[Assigned task]:
Only the words of the entries are wanted, repeated exactly and without images.
== Segment start ==
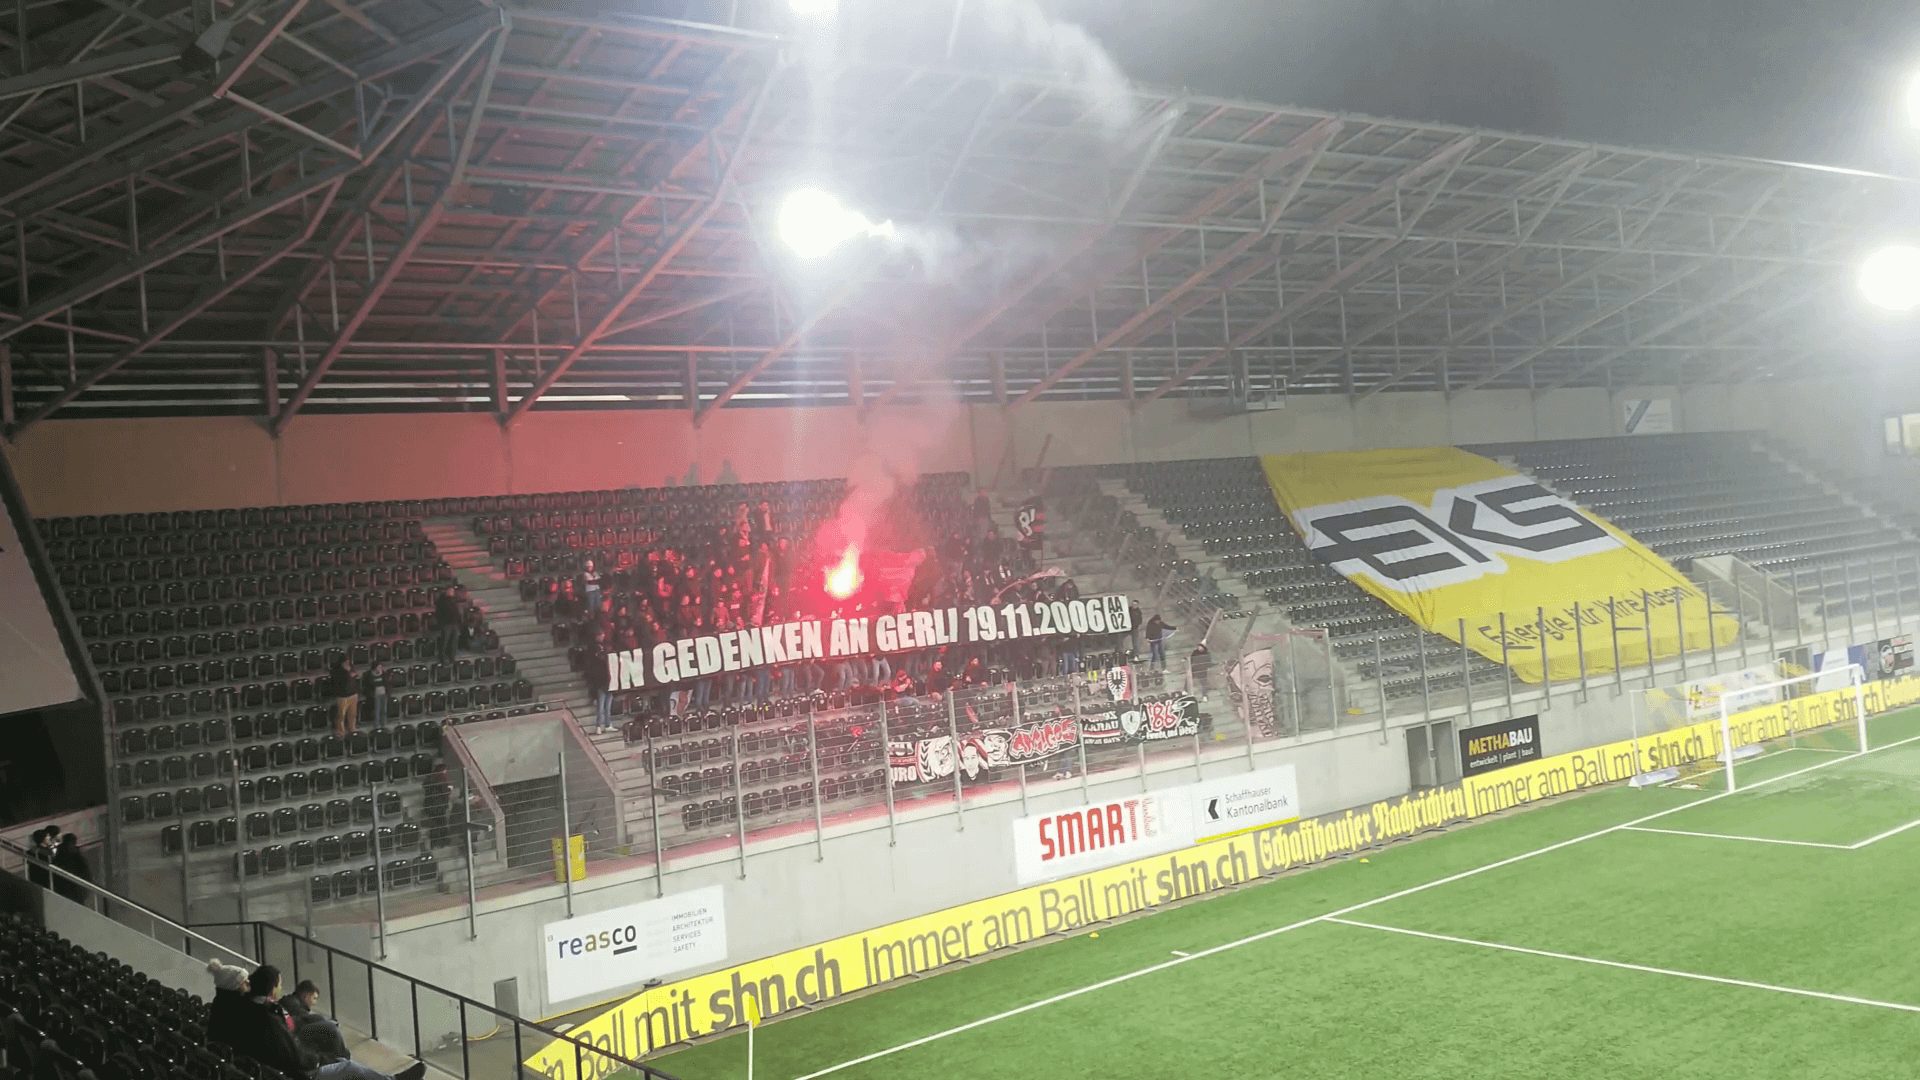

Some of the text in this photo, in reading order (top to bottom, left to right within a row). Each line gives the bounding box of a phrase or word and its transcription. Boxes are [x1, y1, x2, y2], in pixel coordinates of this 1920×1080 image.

[1108, 597, 1123, 613] AA
[1110, 612, 1128, 630] 02
[608, 599, 1106, 692] IN GEDENKEN AN GERLI 19.11.2006
[1468, 727, 1533, 756] METHABAU
[1469, 755, 1498, 768] entwickelt
[1502, 751, 1517, 763] plant
[1470, 727, 1704, 817] Immer am Ball mit shn.ch
[1225, 786, 1273, 804] Schaffhauser
[1226, 795, 1289, 819] Kantonalbank
[671, 907, 708, 921] IMMOBILIEN
[862, 842, 1250, 986] Immer am Ball mit shn.ch
[672, 916, 714, 932] ARCHITEKTUR
[558, 925, 637, 959] reasco
[672, 930, 702, 943] SERVICES
[673, 942, 697, 954] SAFETY
[634, 987, 700, 1058] mit
[709, 947, 842, 1032] shn.ch
== Segment end ==
[Final answer]:
Some of the text in this photo, in reading order (top to bottom, left to right within a row). Each line gives the bounding box of a phrase or word and its transcription. Boxes are [x1, y1, x2, y2], in pixel coordinates of this 1920×1080 image.

[1108, 597, 1123, 613] AA
[1110, 612, 1128, 630] 02
[608, 599, 1106, 692] IN GEDENKEN AN GERLI 19.11.2006
[1468, 727, 1533, 756] METHABAU
[1469, 755, 1498, 768] entwickelt
[1502, 751, 1517, 763] plant
[1470, 727, 1704, 817] Immer am Ball mit shn.ch
[1225, 786, 1273, 804] Schaffhauser
[1226, 795, 1289, 819] Kantonalbank
[671, 907, 708, 921] IMMOBILIEN
[862, 842, 1250, 986] Immer am Ball mit shn.ch
[672, 916, 714, 932] ARCHITEKTUR
[558, 925, 637, 959] reasco
[672, 930, 702, 943] SERVICES
[673, 942, 697, 954] SAFETY
[634, 987, 700, 1058] mit
[709, 947, 842, 1032] shn.ch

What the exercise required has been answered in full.